Tratto da GiurisprudenzaAppalti
L’avviso esplorativo per manifestazione di interesse è un atto con cui una pubblica amministrazione o un ente appaltante avvia un’indagine di mercato per conoscere gli operatori economici interessati a partecipare a una futura procedura di affidamento. Ha dunque natura pre-negoziale e strumentale, in quanto assolve solamente ad una funzione conoscitiva, essendo finalizzato ad individuare gli eventuali operatori economici da invitare ad una successiva gara.
Questo viene ricordato da Consiglio di Stato, Sez. V, 15/09/2026, n. 6902:
L’avviso esplorativo per manifestazione di interesse è un atto con cui una pubblica amministrazione o un ente appaltante avvia un’indagine di mercato per conoscere gli operatori economici interessati a partecipare a una futura procedura di affidamento. In quanto tale, non garantisce in alcun modo che la procedura sfoci effettivamente nella conclusione di un accordo vincolante per le parti (qui una compravendita immobiliare), essendo in ogni caso l’amministrazione libera – come del resto lo stesso Avviso (cfr. retro) chiariva espressamente – di mutare in qualunque momento avviso ed in conseguenza sospendere o abbandonare la procedura in itinere.
L’avviso esplorativo ha dunque natura pre-negoziale e strumentale, in quanto assolve solamente ad una funzione conoscitiva, essendo finalizzato ad individuare gli eventuali operatori economici da invitare ad una successiva gara; non integra per contro, neppure indirettamente, una manifestazione di volontà dell’amministrazione, diretta a vincolarsi nei confronti di una o più offerte, per il sol fatto che le stesse siano state proposte o che l’amministrazione stessa abbia dichiarato un qualche interesse nei confronti di alcune di esse.
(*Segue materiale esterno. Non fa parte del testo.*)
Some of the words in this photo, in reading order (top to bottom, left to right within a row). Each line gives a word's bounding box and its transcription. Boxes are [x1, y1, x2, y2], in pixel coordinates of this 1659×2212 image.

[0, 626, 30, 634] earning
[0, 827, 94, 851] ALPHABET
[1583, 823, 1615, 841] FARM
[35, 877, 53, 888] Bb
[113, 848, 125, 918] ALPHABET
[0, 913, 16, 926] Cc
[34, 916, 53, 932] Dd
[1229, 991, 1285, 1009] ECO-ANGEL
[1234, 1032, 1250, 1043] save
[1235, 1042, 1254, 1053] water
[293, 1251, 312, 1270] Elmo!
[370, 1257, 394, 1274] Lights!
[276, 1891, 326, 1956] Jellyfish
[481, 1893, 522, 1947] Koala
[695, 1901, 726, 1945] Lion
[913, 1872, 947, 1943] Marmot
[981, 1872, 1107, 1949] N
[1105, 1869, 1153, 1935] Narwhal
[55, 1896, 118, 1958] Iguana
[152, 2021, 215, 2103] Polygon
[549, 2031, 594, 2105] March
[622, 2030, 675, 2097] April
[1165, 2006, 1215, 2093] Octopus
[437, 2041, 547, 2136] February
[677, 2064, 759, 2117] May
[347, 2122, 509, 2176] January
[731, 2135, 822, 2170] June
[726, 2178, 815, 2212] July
In breve, in assenza di una esplicita manifestazione di volontà esternata (recte, formalizzata) all’offerente, non solo non sorge alcun vincolo negoziale tra quest’ultimo e l’amministrazione, ma neppure può parlarsi, in capo allo stesso, del venire in essere di una aspettativa qualificata (ed in buona fede) alla positiva conclusione dell’affare.
In ragione di quanto precede, deve pertanto concludersi – come già evidenziato dal primo giudice – che prima della pubblicizzazione – secondo le regole generali – della volontà di concludere uno specifico accordo, l’amministrazione è libera di mutare anche radicalmente il proprio originario avviso e, dunque, anche di non procedere oltre, a prescindere dagli eventuali intendimenti interni in precedenza (eventualmente) raggiunti.